A security certificate does not offer or support justice for either the accused or for Canadians. In fact, security certificates in themselves are an affront to Canada's national sense of what justice is. If the accused is guilty, the person should be charged and tried under our Criminal Code and the appropriate penalties applied and then the person should be deported, but not held in detention without the opportunity to face his or her accusers or see the evidence against him or her.

There is another side to this. The people in detention who proclaim their innocence and have not had a chance to speak to it in a court of law, the day comes when they are found to be innocent. If they had gone through our Criminal Code procedures, our courts, our justice system, they would have had a right to return to Canadian life, to pick up where they had left off, pick up the pieces. But they have spent years upon years in detention and again they have not been able to see the evidence against them, to refute the evidence, the most fundamental tenets of our justice system. That has put a chill through our country.

I alluded to the individual in Edmonton, Alberta, but there are more cases than that individual.
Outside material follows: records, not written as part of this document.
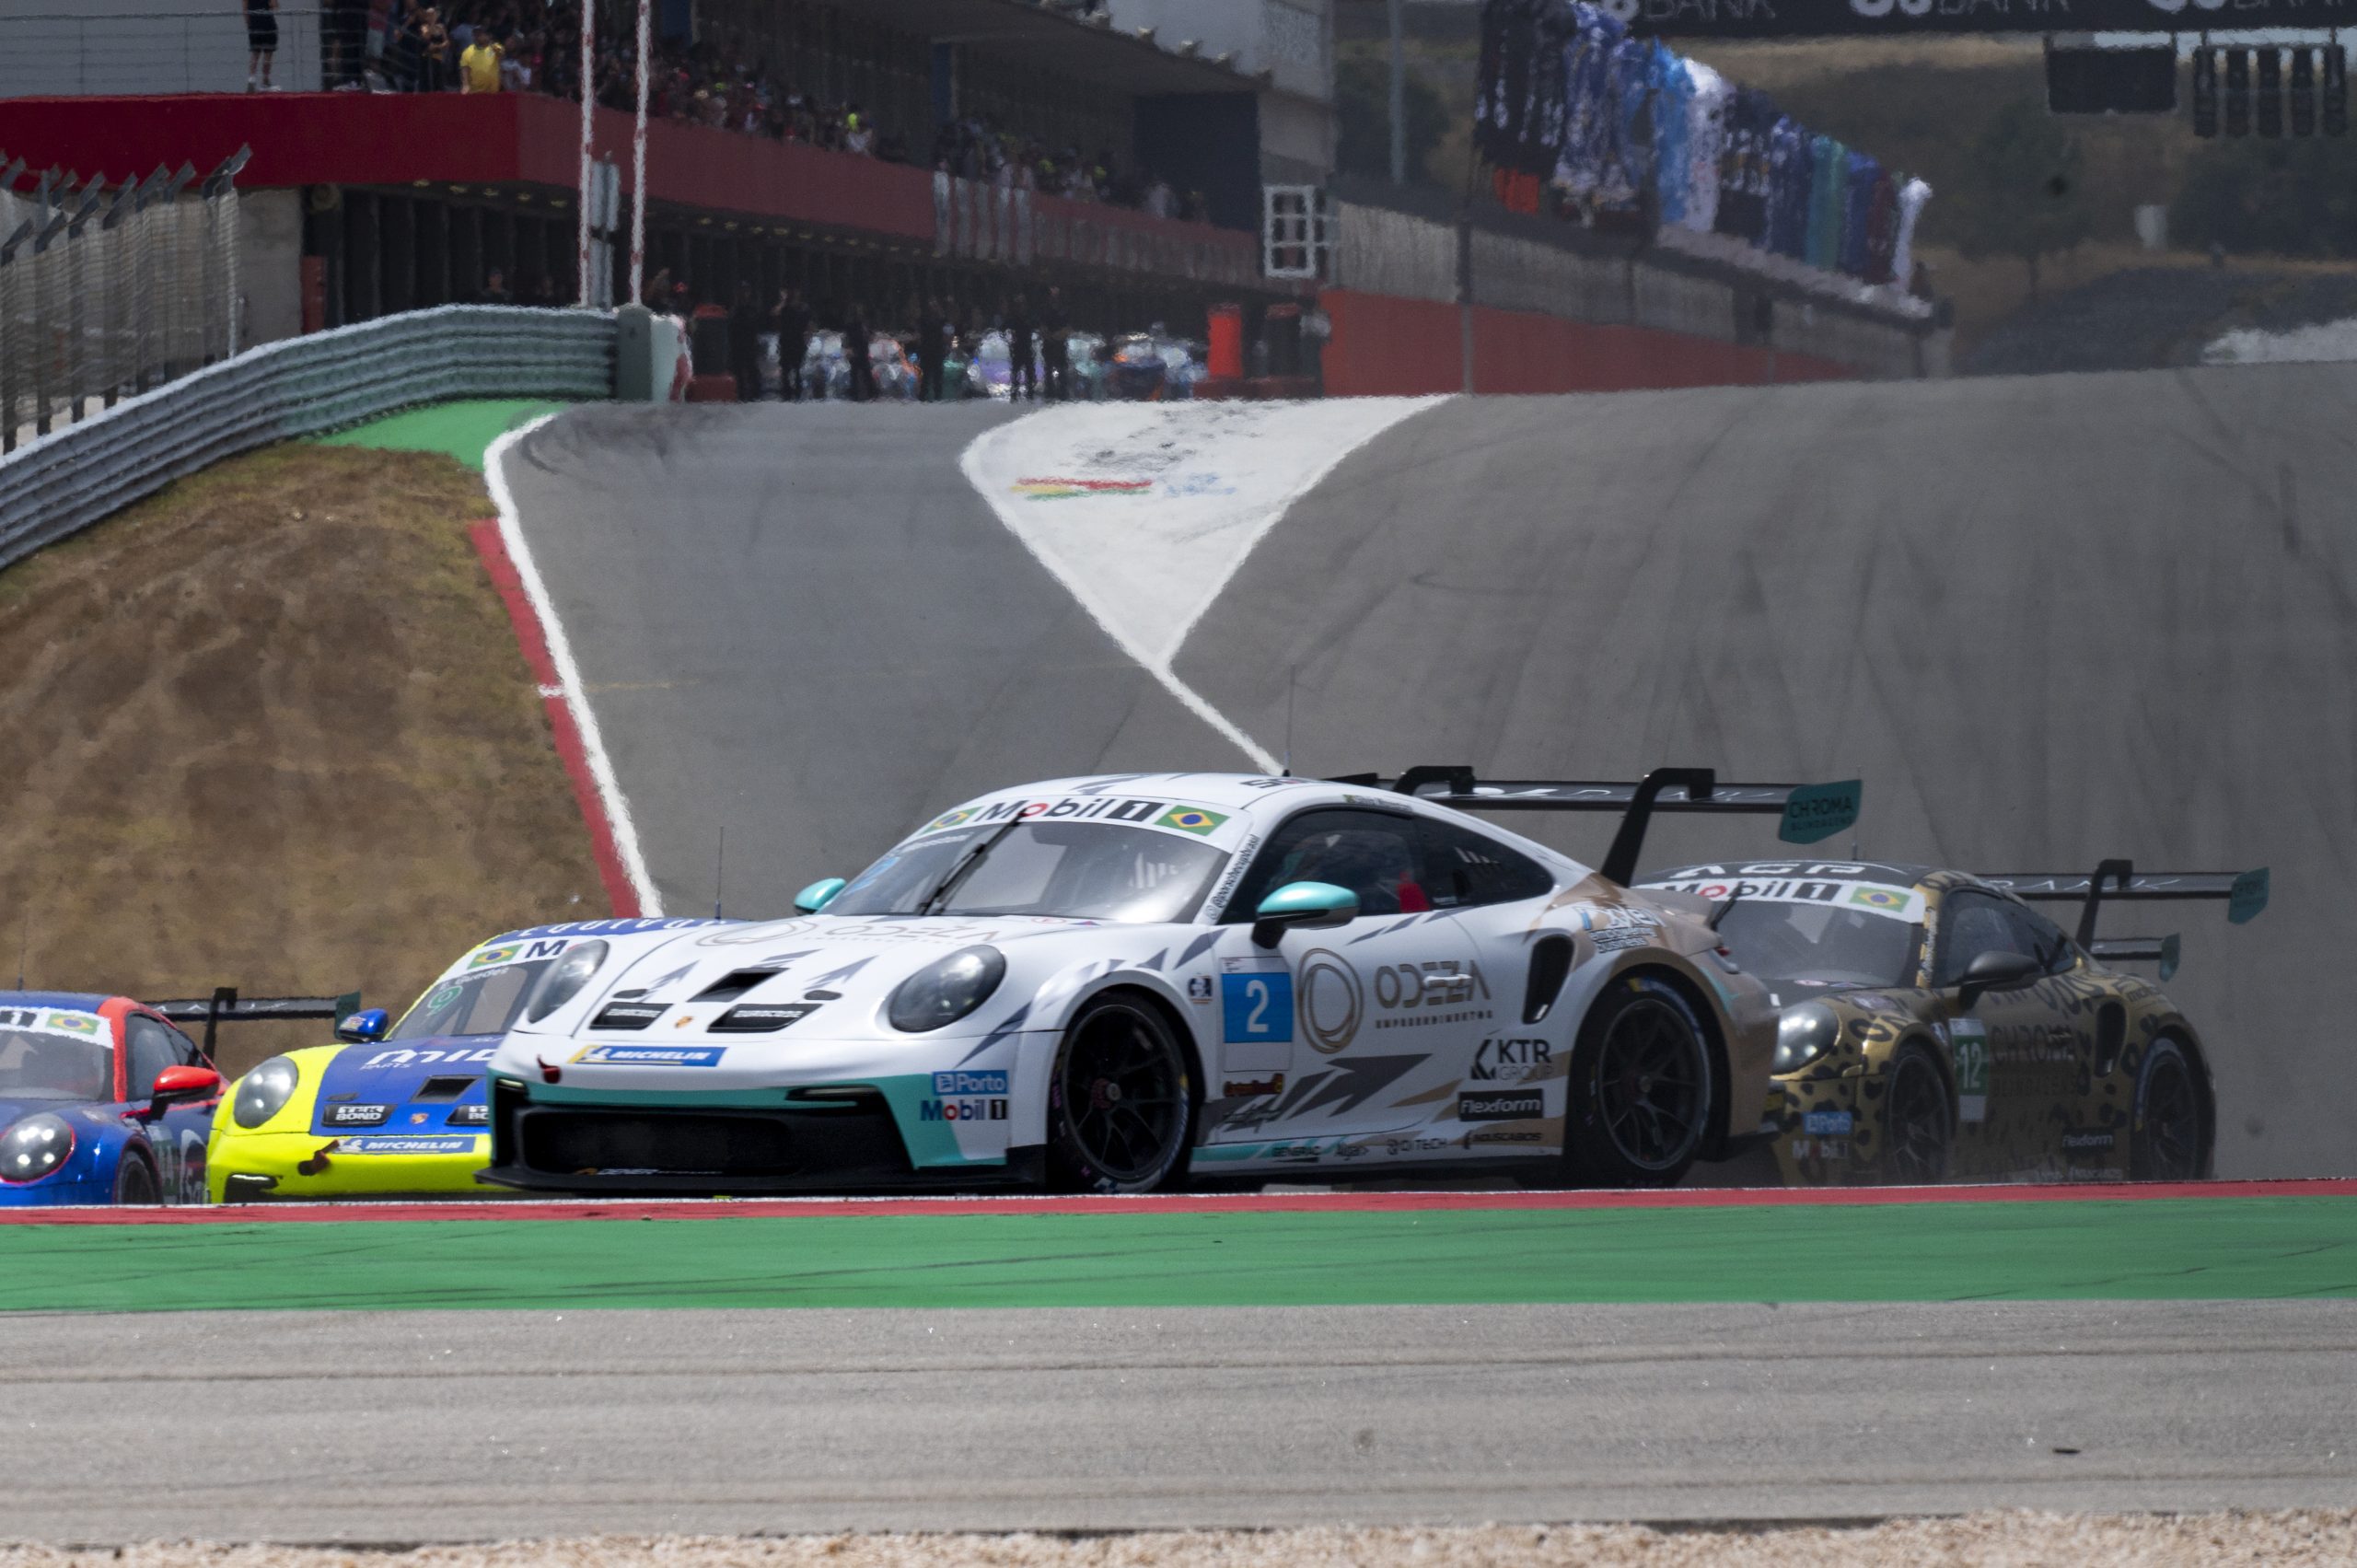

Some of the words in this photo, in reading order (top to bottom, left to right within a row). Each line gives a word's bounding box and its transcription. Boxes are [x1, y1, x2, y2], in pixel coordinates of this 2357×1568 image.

[974, 797, 1117, 822] Mobil
[1246, 979, 1270, 1033] 2
[610, 1050, 711, 1061] MICHELIN
[1498, 1039, 1552, 1063] KTR
[1497, 1065, 1554, 1080] GROUP
[1960, 1042, 1981, 1089] 12
[957, 1074, 1005, 1091] Porto
[335, 1112, 382, 1121] BOND
[921, 1099, 985, 1121] Mobil
[366, 1141, 463, 1150] MICHELIN
Talk to Mr. Almalki who was detained in a cell which was more like a coffin for three months. We all know the case of Maher Arar. We all know when we fail, and we are setting ourselves up for failure again.

I am pausing because I tend sometimes to get a little emotional. I was raised to take great pride in our justice system, the fact that people can face their accusers and walk away. I am going to be speaking later today about a family incident and I will give a small piece of it here to make the point of what I understand is our justice system.
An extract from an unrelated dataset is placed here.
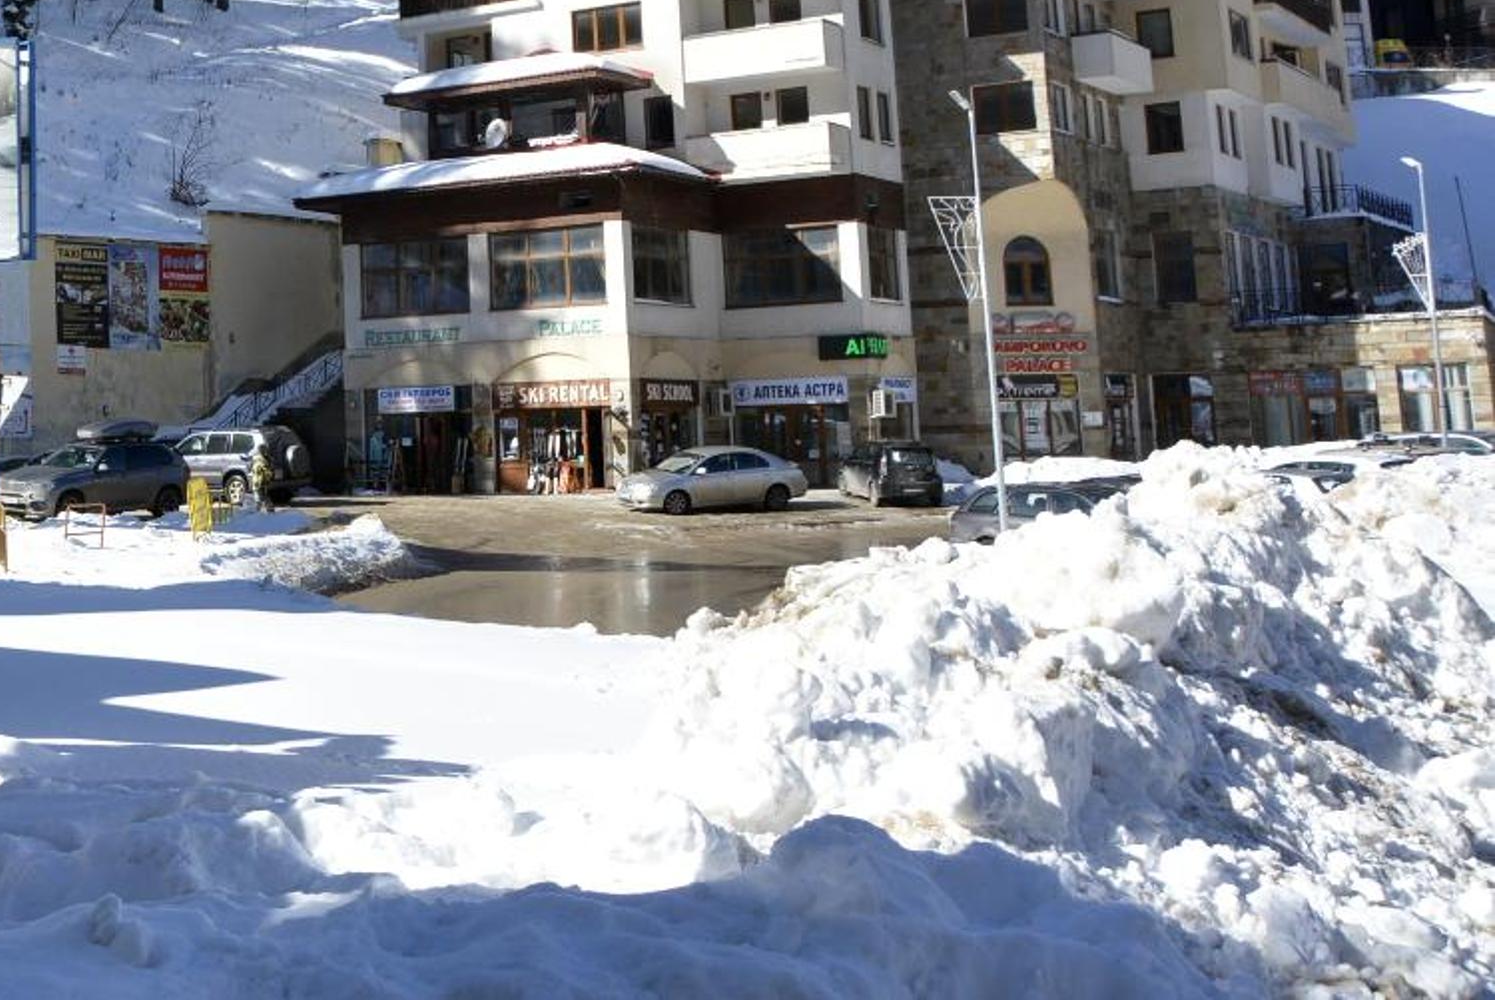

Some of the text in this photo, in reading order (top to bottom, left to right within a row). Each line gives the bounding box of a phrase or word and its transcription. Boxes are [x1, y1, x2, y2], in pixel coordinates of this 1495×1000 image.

[519, 386, 545, 403] SKI
[548, 383, 609, 402] RENTAL
[753, 382, 844, 399] АПТЕКА АСТРА
My sister was strangled to death as a 10-year-old child. My father was mistakenly accused of that crime. We were a poor family. A great fear went through us that we would not be able to save my father from those accusations. Later he was proved to be innocent and there was a mentally disturbed person in the family who was dealt with and spent time in an appropriate hospital following that. Let us consider for a moment the place we are putting people, where they cannot face their accusers and they cannot refute the evidence, and how terrible that is.

From time to time I will do my best to take a breath, but it is so crucially important to the sense of justice that all Canadians have that the people in this place pause, stop the rhetoric and think about the deterioration of our justice system if we gerrymander process, to put in place a process like this that is so ugly and disgusting. I cannot understand how anybody in this place could support it.

Our Criminal Code is among the best. Our justice system is among the best in the world. Canada will send people to other parts of the world to teach them our justice system. We should keep that pride. One of the few ways we can keep that pride is to ensure individual rights and the rights for people to face their accusers and the evidence against them.

For the NDP, the security certificate is an affront to civil liberties. There is a sense in my gut of how wrong this is that I just cannot put it aside.

We understand with Bill C-3 that the Conservative federal government is trying to address a flaw in the process that was pointed out by the Supreme Court. It is far more than a flaw. What it is trying to do today is move around something that was a violation of our Charter of Rights and Freedoms.

We should think about rights and freedoms for a moment. We should think about the fact that there are individuals detained in our country. Their freedom has been taken away and they have no rights. We have a Charter of Rights and Freedoms.

Imagine the setting aside of well respected, fundamental terms of justice and how that was so cavalierly done. The detainees have not seen any of the critical evidence against them. Their legal representation has not seen the evidence against them.

Let us just say that tomorrow, for whatever reason, it is deemed acceptable that they return to Canadian society, that there had been an error. They will always be besmirched by the fact that they have been detained. They will always live beside neighbours who doubt them. If they returned to their country of origin, many of the countries those folks would return to are countries where we know torture is committed. It is time for our country to take a strong stand for the liberty, for the human rights of our citizens and guests in our country, as well.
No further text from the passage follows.